AFEX Commodities Exchange – a privately owned commodity exchange moved 46,160 metric tonnes (MT) of commodities (ginger, paddy rice, soya beans and maize, etc) worth N6.3 billion between second quarter 2016 and fourth quarter, 2017, according to available data. This makes it the only viable commodity exchange in Nigeria.
Part of the restructuring plan includes injection of funds by the NSIA into NCX – which has been comatose for some years.
To also facilitate the plan, SEC has set up a special division – Commodities Division – as part of measures to strengthen regulatory capacity for the market. The NCX has been battling with a host of challenges, including lack of funding occasioned by government’s inaction, lack of enabling laws and proper understanding of the operations of the commodities exchange.

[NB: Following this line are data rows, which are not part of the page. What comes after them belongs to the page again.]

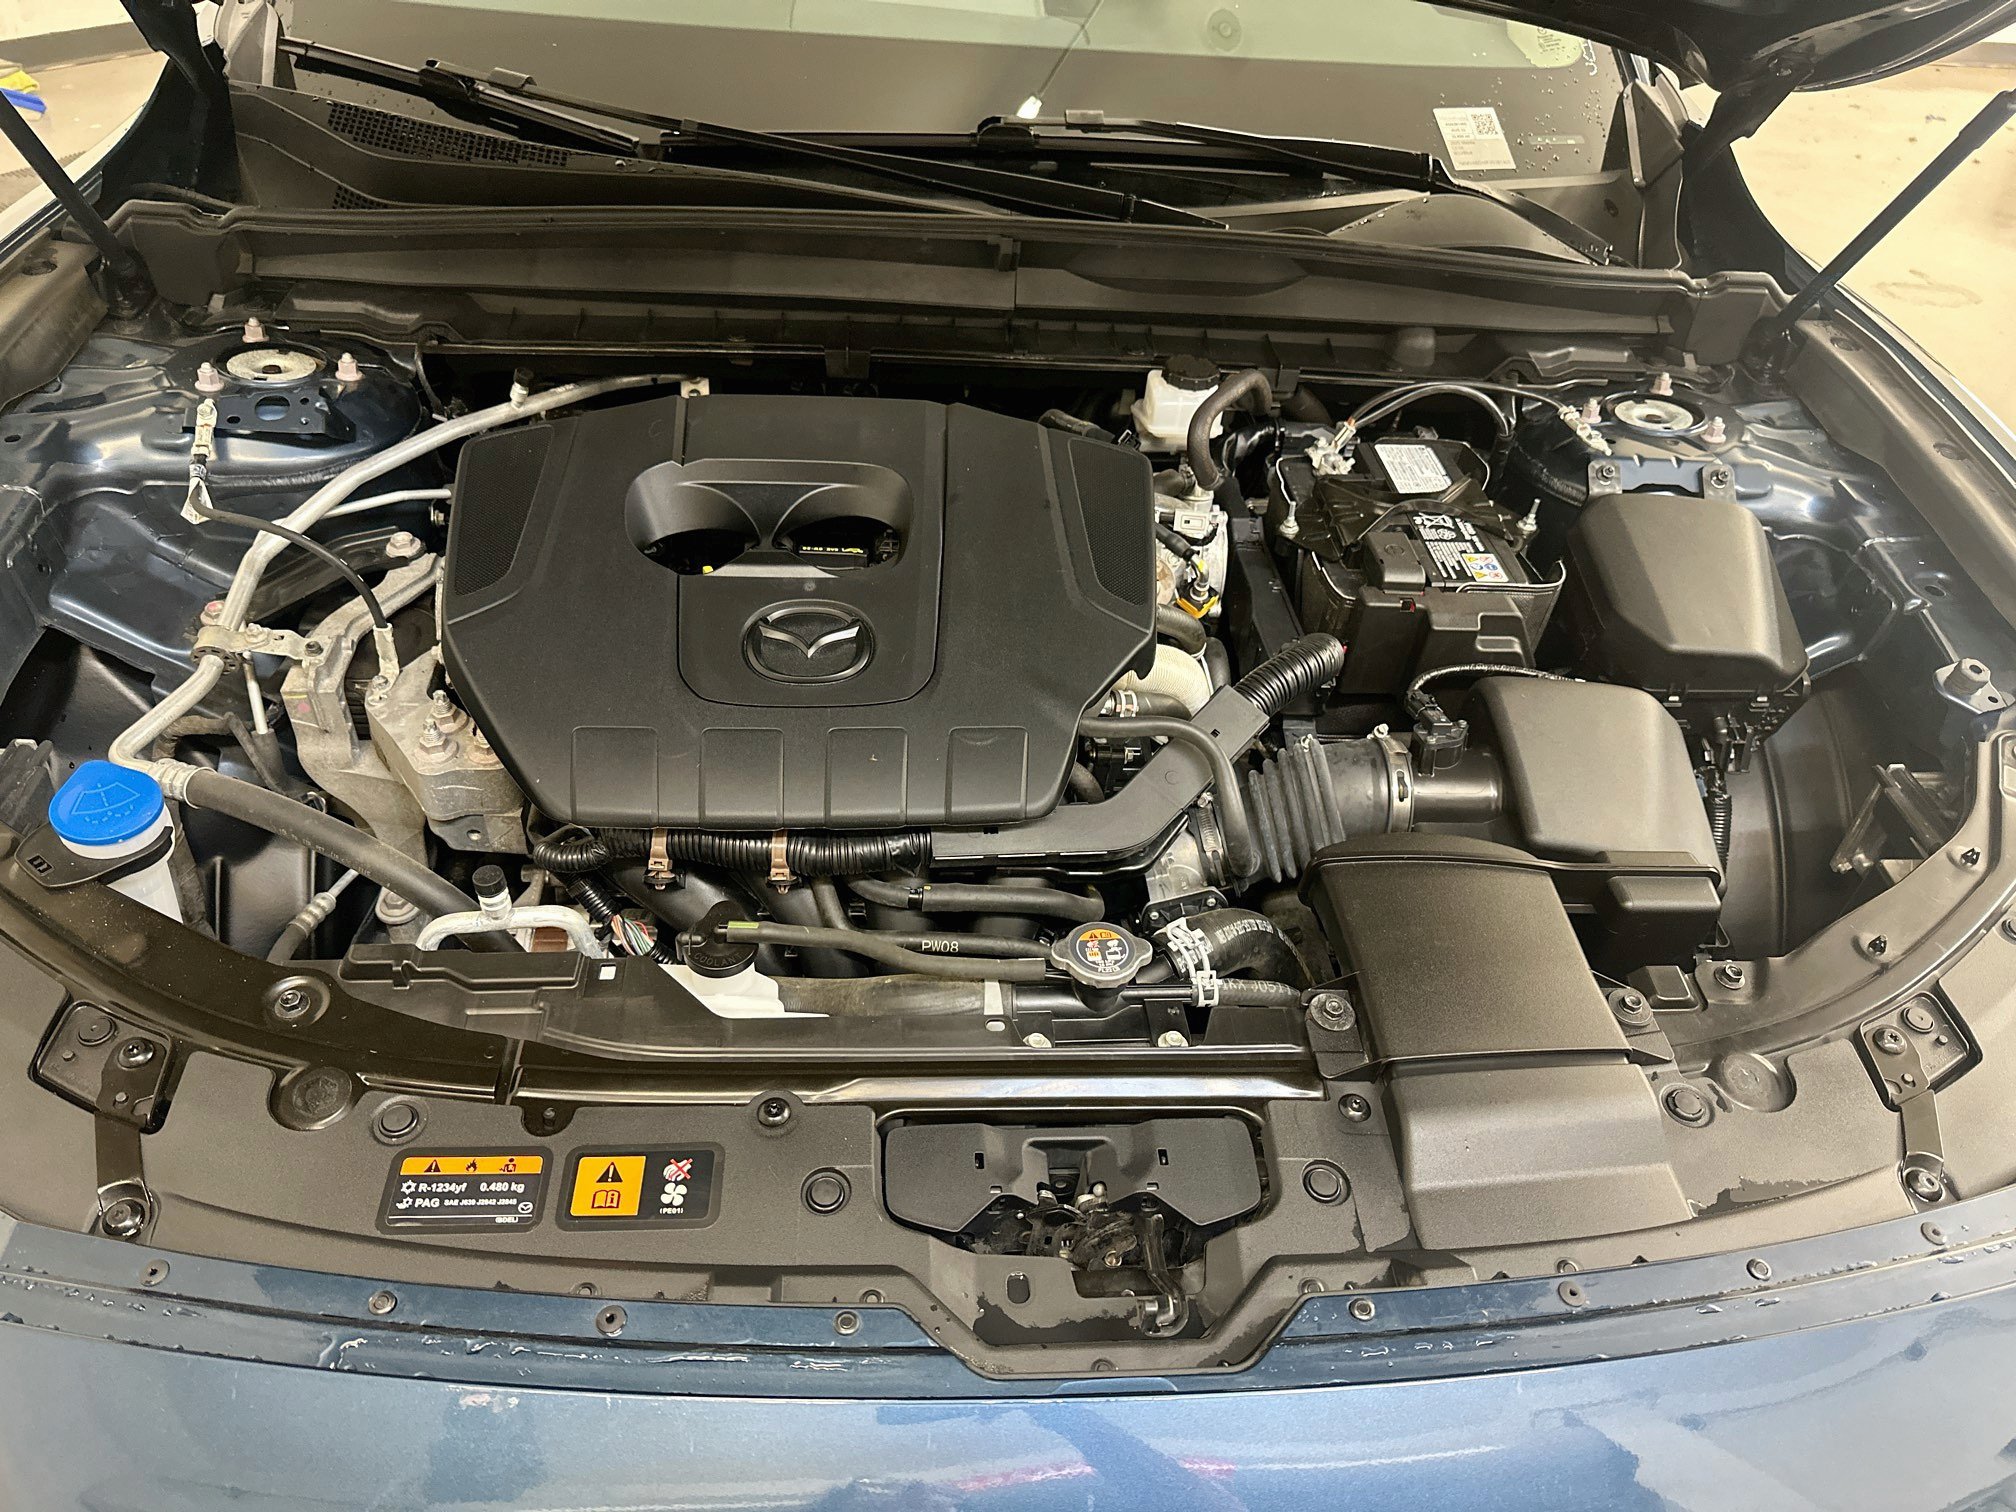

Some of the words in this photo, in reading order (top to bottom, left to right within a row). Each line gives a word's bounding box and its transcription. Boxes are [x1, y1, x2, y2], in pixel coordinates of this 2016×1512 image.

[921, 940, 959, 953] PW08
[694, 952, 743, 966] COOLANT
[418, 1182, 467, 1194] R-1234yf
[479, 1182, 509, 1192] 0.480
[510, 1181, 525, 1193] kg
[414, 1197, 440, 1208] PAG
[659, 1207, 684, 1215] (PE01)

Recommendations by the Technical Committee on Enhancing the Commodities Trading Eco-system – set up to recommend solutions to the problems of NCX – suggest that the restructuring would be in four phases; with the first phase lasting for two years from 2018 to 2019.
The first phase will focus on achieving food/input sufficiency, price discovery and market development with special attention on agricultural produce like maize, sorghum, soya beans, cassava, and rice. This phase will also involve engagement in public enlightenment and development of education roadmap by the SEC as well as encouraging investment in warehouses and storage facilities by both the Commission and private sector operators.
This phase will also involve organisation of farmers into cooperatives by the Central Bank of Nigeria (CBN), Federal Ministry of Agriculture and Rural Development (FMARD), and SEC to aggregate produce and encourage them to become members of the exchange among other relevant actions.
The second phase, which will last for another two years (2020 to 2021), will focus on the development of export-focused commodities in agriculture like cocoa, sesame, cotton and palm oil; and continuous de-risking of the agriculture value chain by the National Insurance Commission (NAICOM).
In the third phase (2022 to2023), exchanges would be expected to key into Customs Single Window System to ease the process of export.
Finally, during the fourth phase of the project (2024 to 2025), SEC and other stakeholders will ensure that there is a strong international presence in the commodities market, while tradeable commodities will be expanded to include solid minerals and energy.